◆ EXERCISE INSTRUCTIONS ◆
Exactly as written, output each of the lines below, with no images.

SOURCE DATA section start

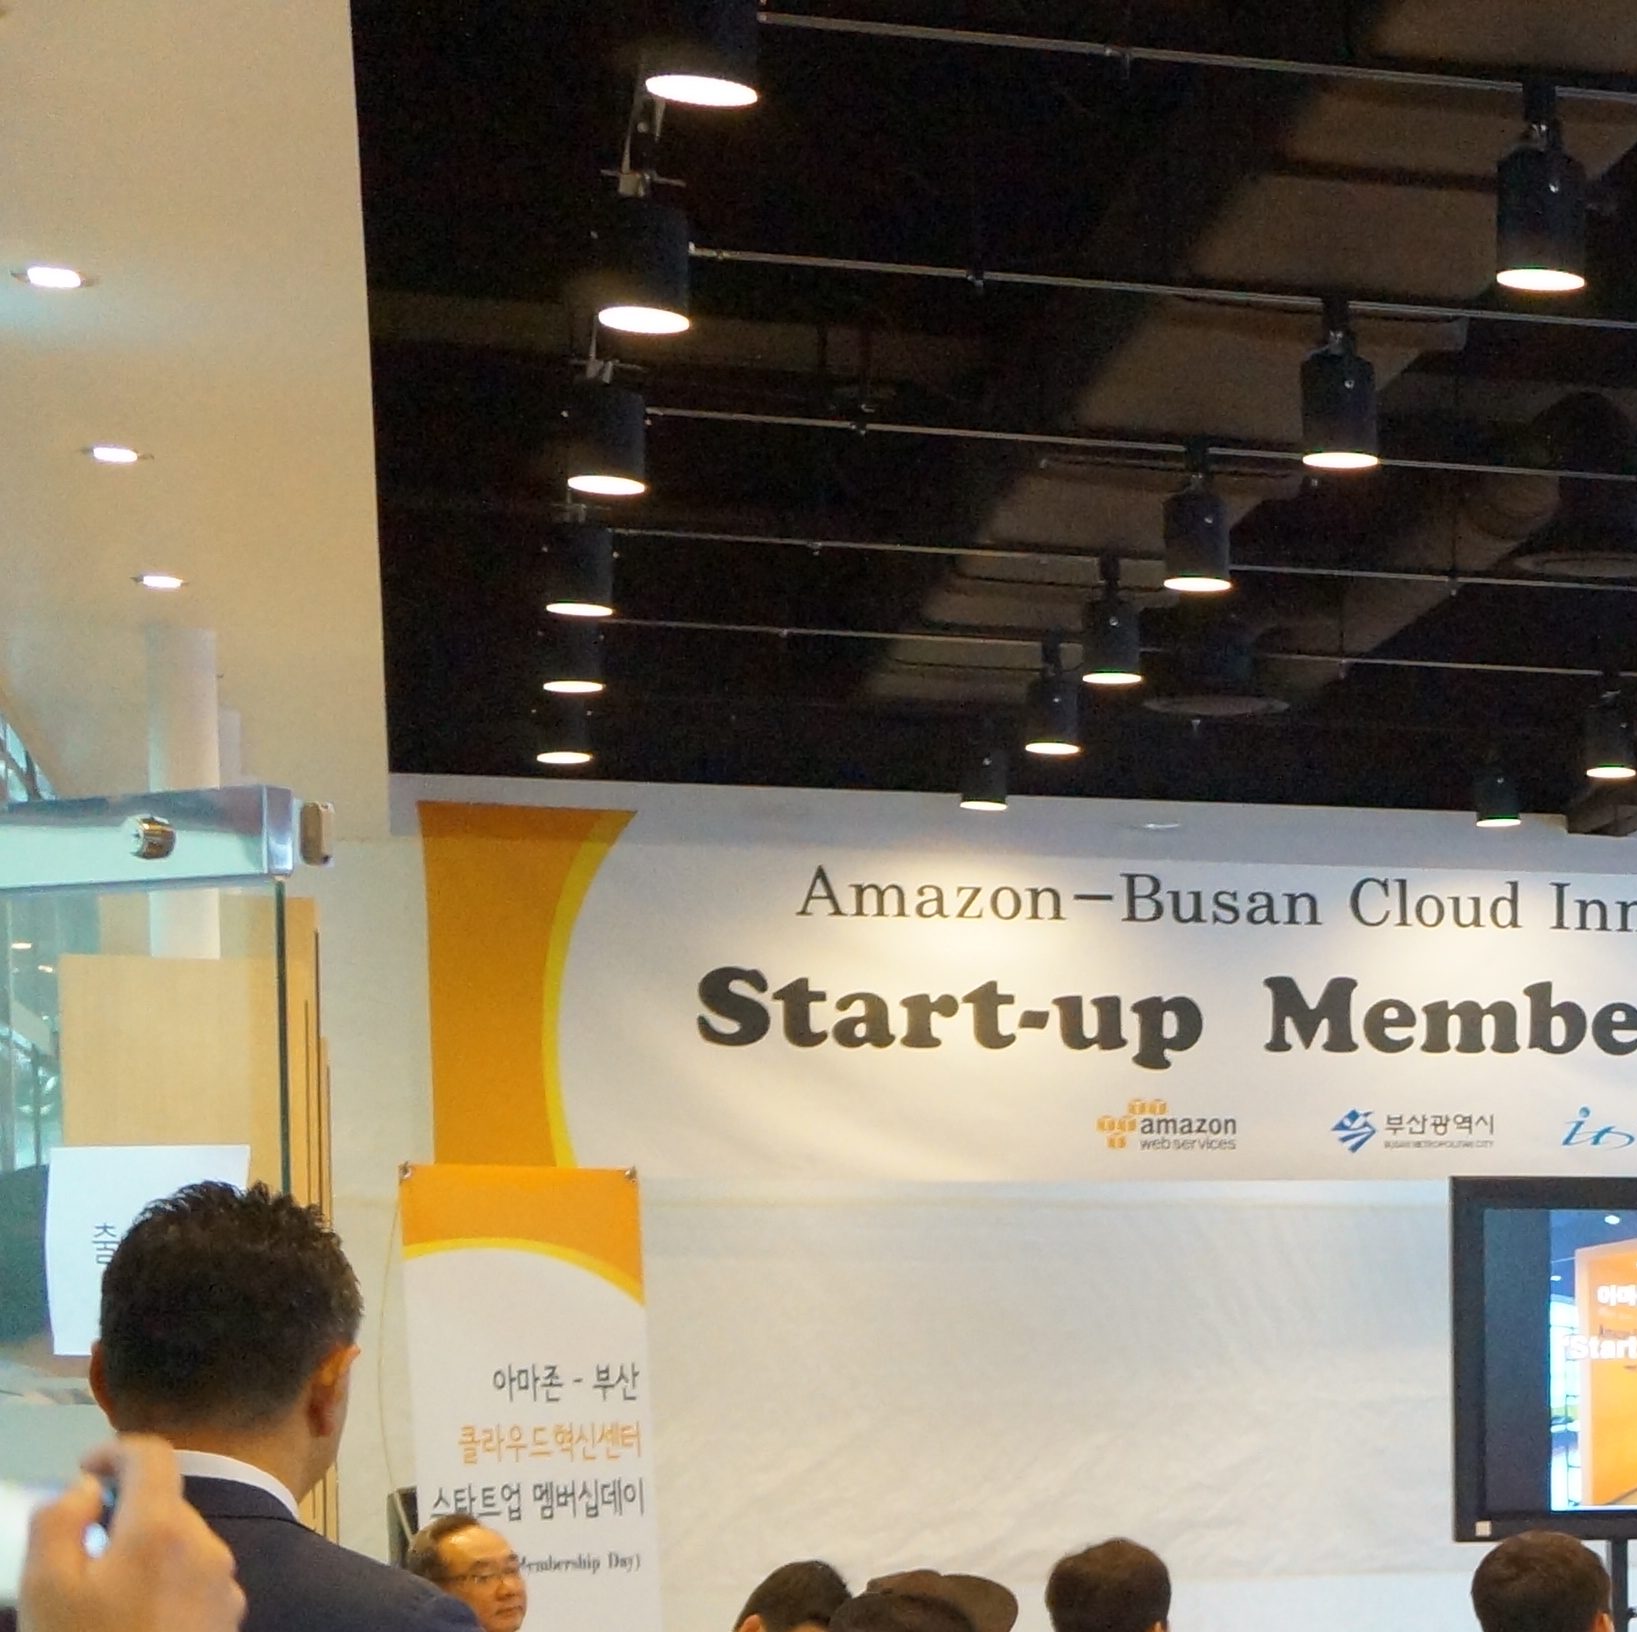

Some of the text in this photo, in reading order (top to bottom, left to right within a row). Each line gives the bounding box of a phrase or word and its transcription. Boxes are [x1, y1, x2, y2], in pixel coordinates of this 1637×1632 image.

[796, 864, 1323, 928] Amazon-Busan
[1350, 876, 1522, 932] Cloud
[696, 965, 1204, 1071] Start-up
[1140, 1114, 1237, 1135] amazon
[1384, 1113, 1495, 1137] 부산광역시
[492, 1363, 564, 1403] 아마존
[592, 1362, 641, 1402] 부산
[457, 1420, 644, 1465] 클라우드혁신센터
[429, 1476, 646, 1522] 스타트업 멤버십데이
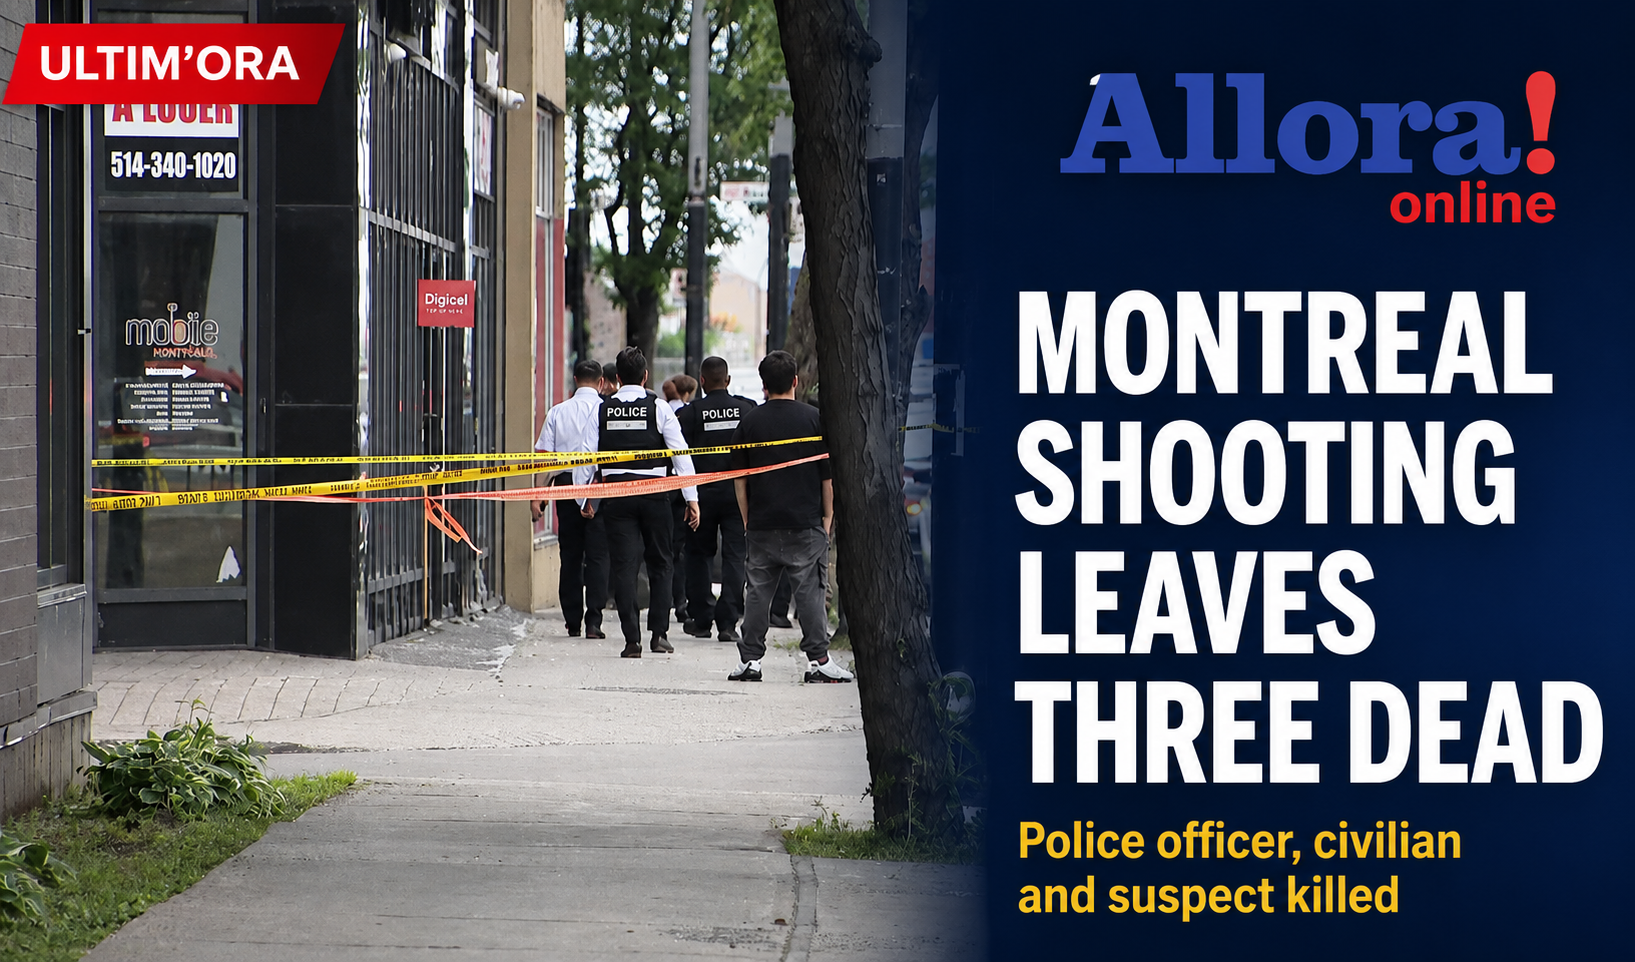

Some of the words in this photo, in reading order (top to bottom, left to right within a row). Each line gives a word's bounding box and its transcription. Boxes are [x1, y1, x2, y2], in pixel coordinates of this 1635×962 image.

[111, 151, 236, 178] 514-340-1020
[425, 293, 468, 308] Digicel
[607, 406, 647, 417] POLICE
[702, 408, 740, 420] POLICE
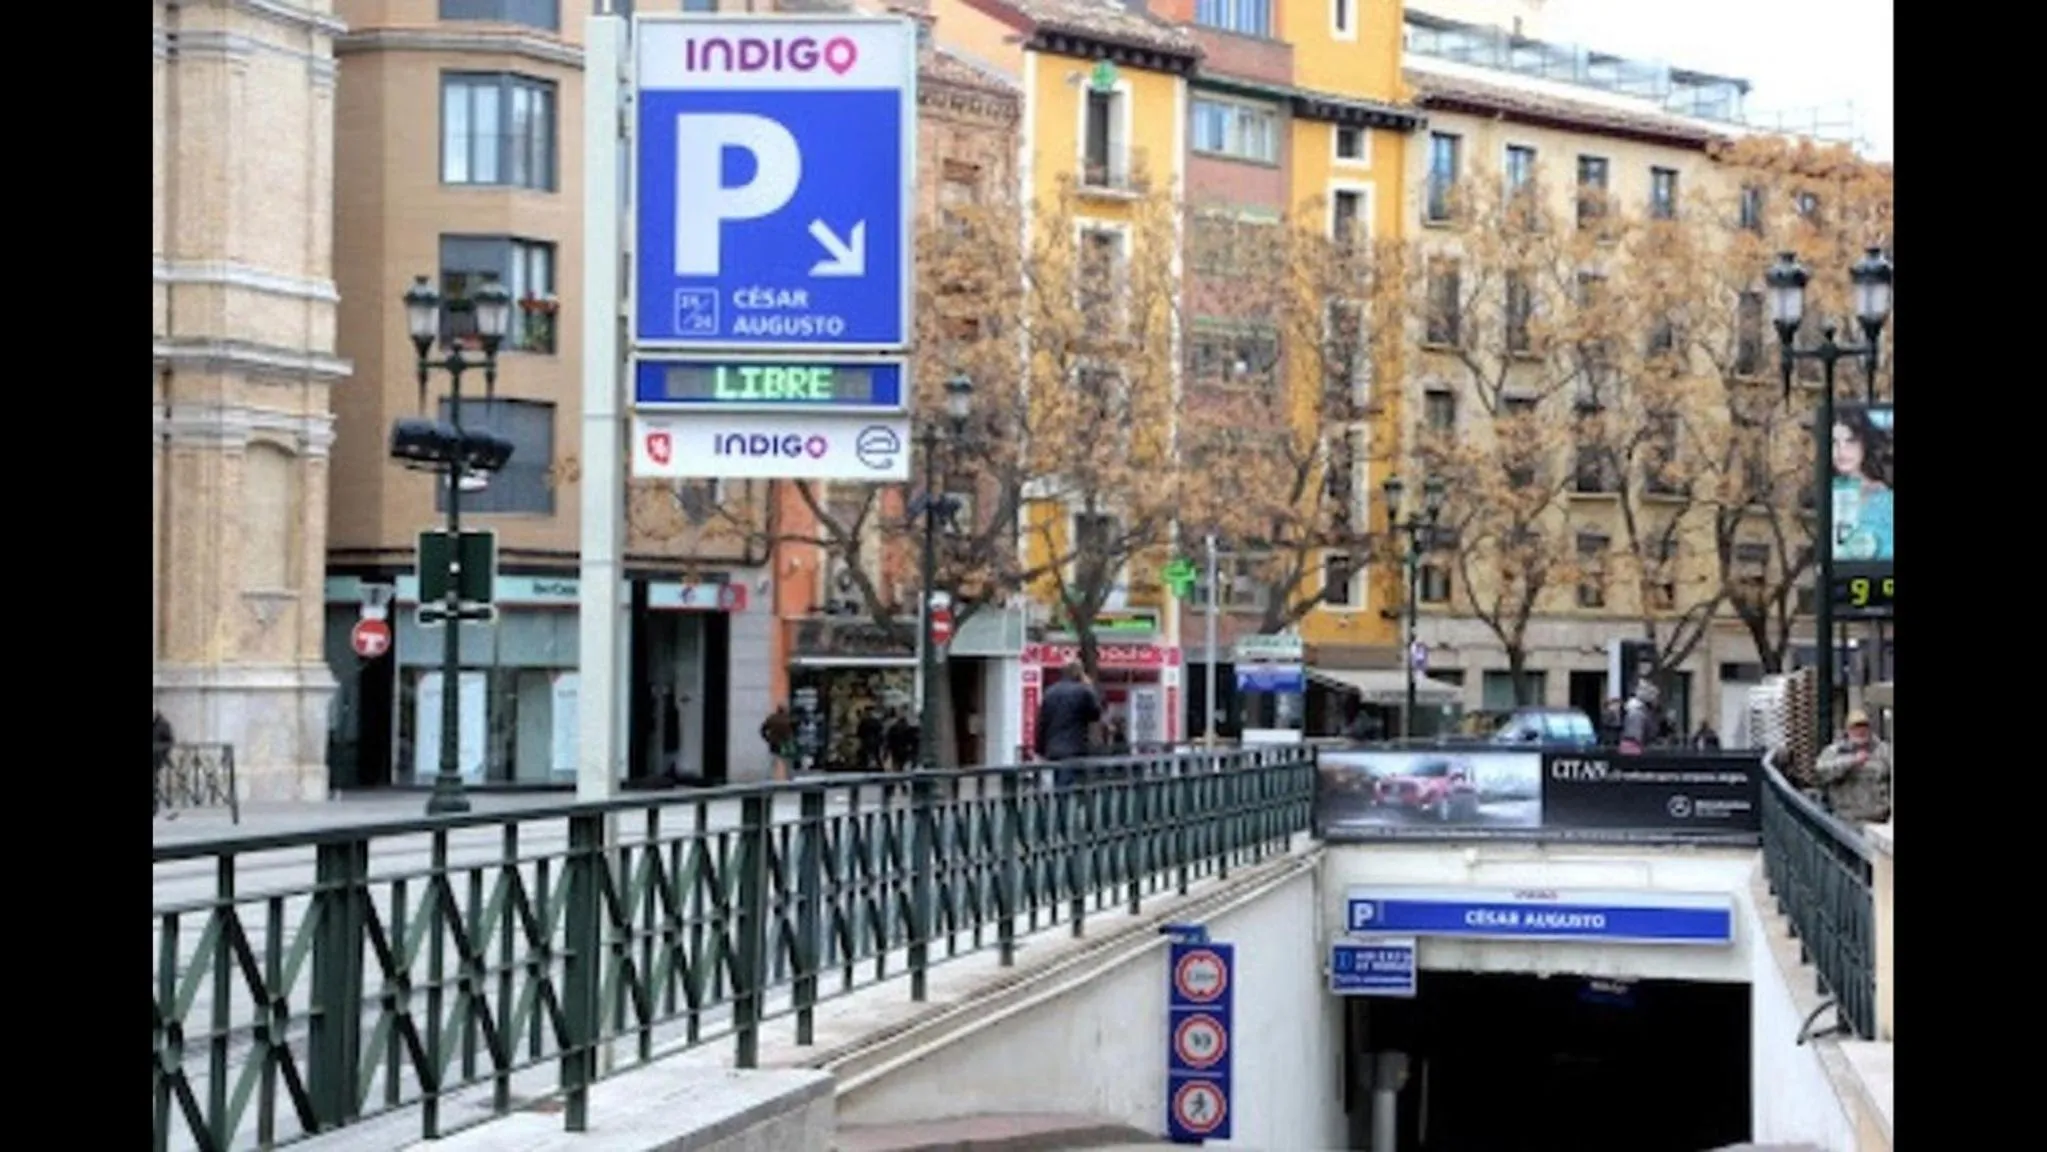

SOURCE DATA section end

◆ TASK ANSWER ◆
Some of the text in this photo, in reading order (top to bottom, left to right within a row). Each line gives the bounding box of a phrase or word and its transcription. Boxes are [x1, y1, x2, y2], in pixel coordinates of this 1637×1632 image.

[796, 864, 1323, 928] Amazon-Busan
[1350, 876, 1522, 932] Cloud
[696, 965, 1204, 1071] Start-up
[1140, 1114, 1237, 1135] amazon
[1384, 1113, 1495, 1137] 부산광역시
[492, 1363, 564, 1403] 아마존
[592, 1362, 641, 1402] 부산
[457, 1420, 644, 1465] 클라우드혁신센터
[429, 1476, 646, 1522] 스타트업 멤버십데이

Some of the words in this photo, in reading order (top to bottom, left to right within a row). Each line gives a word's bounding box and its transcription. Boxes are [x1, y1, x2, y2], in pixel coordinates of this 1635×962 image.

[111, 151, 236, 178] 514-340-1020
[425, 293, 468, 308] Digicel
[607, 406, 647, 417] POLICE
[702, 408, 740, 420] POLICE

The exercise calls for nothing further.